NRLS to LFPSE Transition Report (January 2021 to December 2024)
1 National Patient Safety Data Context
1.1 Transition of recording systems
NHS England previously published official statistics, using patient safety incident data from the National Reporting Learning Service (NRLS), in the National Patient Safety Incident Reports (NaPSIR) and Organisation Patient Safety Incident Reports (OPSIR). Additionally, we published monthly summary data which complemented those publications. The last official statistics using NRLS data were published in October 2022.
The Learn from Patient Safety Events (LFPSE) service, which has been operating since July 2021, has fully replaced NRLS, which was decommissioned on 30th June 2024 due to its ageing infrastructure. You can read more about LFPSE here. During the transition, we paused the production of official statistics.
Transition of all NHS secondary care providers from NRLS to LFPSE was completed in 2024. We resumed publishing data on patient safety events in April 2025 as official statistics in development using LFPSE data.
Although connection to the LFPSE service is now a contractual obligation, LFPSE operates as NRLS did in terms of being a largely voluntary recording system. Decisions on which events to record are not mandatory, except where recording a death or instance of severe harm fulfils mandatory notification requirements. Providers are encouraged to record as much useful information as possible for national learning.
This publication presents data on patient safety incidents recorded by healthcare organisations in England from January 2021 to December 2024. The data presented in this report was extracted on 28 January 2026.
1.2 Differences between NRLS and LFPSE recording systems
NRLS submissions required manual extract and upload, whereas LFPSE submissions occur in real time, including any updates made to records after their initial submission as the provider works towards a full and accurate picture of the event over time.
NRLS used older definitions and was primarily used by secondary care providers, due to its reliance on secondary-use data inputted to Local Risk Management System (LRMS) software, which varies from provider to provider. LFPSE offers an interface for providers without LRMS software to use the same tools, making it more accessible to primary care and other settings. Anyone can record a patient safety event on the service: they may be healthcare staff from any NHS or private provider, patients, or members of the public.
LFPSE captures patient safety event types beyond incidents: outcomes of concern, risks to patient safety, and instances of good care. Throughout this report, however, we will be using patient safety incidents only, which constitute the vast majority of patient safety events recorded to LFPSE, given that additional event types could not be explicitly recorded in NRLS.

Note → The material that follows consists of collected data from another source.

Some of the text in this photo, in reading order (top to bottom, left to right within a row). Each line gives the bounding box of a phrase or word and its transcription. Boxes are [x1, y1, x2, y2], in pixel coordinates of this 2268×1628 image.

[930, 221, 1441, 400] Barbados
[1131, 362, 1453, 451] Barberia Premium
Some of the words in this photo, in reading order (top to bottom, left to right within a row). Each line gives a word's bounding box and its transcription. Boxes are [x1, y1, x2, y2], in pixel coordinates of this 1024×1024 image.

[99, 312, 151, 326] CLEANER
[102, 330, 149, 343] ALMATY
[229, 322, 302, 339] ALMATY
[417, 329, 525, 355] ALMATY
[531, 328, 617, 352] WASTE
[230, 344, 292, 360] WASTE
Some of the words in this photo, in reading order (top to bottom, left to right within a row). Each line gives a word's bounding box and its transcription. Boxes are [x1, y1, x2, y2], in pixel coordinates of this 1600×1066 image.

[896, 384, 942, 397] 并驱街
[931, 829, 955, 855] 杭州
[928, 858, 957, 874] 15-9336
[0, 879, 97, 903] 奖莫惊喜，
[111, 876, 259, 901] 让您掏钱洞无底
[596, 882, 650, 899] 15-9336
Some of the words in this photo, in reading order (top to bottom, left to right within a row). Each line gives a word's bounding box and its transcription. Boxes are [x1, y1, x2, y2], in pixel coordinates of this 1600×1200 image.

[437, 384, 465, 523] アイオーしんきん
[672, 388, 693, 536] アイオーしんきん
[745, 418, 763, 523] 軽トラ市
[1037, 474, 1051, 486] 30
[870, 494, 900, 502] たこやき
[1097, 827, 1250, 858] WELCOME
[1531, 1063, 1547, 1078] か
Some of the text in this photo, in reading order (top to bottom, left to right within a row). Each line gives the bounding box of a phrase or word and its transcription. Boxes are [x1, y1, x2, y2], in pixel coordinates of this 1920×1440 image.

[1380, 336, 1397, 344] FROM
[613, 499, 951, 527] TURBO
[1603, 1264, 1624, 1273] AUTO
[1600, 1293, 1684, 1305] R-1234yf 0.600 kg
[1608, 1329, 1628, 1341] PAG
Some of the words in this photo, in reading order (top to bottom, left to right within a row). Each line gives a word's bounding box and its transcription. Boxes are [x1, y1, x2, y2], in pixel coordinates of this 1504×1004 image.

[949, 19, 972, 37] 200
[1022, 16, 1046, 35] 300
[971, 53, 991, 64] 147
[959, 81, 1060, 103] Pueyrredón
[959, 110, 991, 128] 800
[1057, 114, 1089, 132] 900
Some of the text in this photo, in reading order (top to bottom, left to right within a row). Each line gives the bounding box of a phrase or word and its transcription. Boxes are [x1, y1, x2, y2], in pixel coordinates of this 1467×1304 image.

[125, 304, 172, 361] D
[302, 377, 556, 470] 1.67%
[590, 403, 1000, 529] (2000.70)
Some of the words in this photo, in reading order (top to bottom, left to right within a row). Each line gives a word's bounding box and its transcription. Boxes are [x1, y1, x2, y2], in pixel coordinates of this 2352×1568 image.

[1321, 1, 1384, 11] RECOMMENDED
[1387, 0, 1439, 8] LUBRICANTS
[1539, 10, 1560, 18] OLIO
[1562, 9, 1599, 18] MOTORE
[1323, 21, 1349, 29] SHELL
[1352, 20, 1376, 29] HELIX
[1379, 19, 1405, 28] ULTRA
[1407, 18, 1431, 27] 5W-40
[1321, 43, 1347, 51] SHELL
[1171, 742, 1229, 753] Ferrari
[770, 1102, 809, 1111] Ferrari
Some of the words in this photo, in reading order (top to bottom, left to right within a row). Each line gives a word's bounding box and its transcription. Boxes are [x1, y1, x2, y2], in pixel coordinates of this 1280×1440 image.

Manual upload of incidents to NRLS implied that incidents occurred in the organisation that was recording to the platform. In contrast, LFPSE makes a distinction between the organisation providing the care where an incident takes place and the organisation that records the incident. As such, there are instances where a healthcare organisation records an incident that did not occur under their care, or where they record an incident on behalf of another organisation. Throughout this report, we specify whether figures are calculated based on recorder or occurring organisation.
LFPSE still uses the same levels of harm as in NRLS (with the exception of deaths now being called fatal), although the definitions have been clarified particularly to distinguish between low and moderate, and moderate and severe harm. However, we acknowledge that there will always be some level of subjective interpretation of harm when recorders are assessing an incident.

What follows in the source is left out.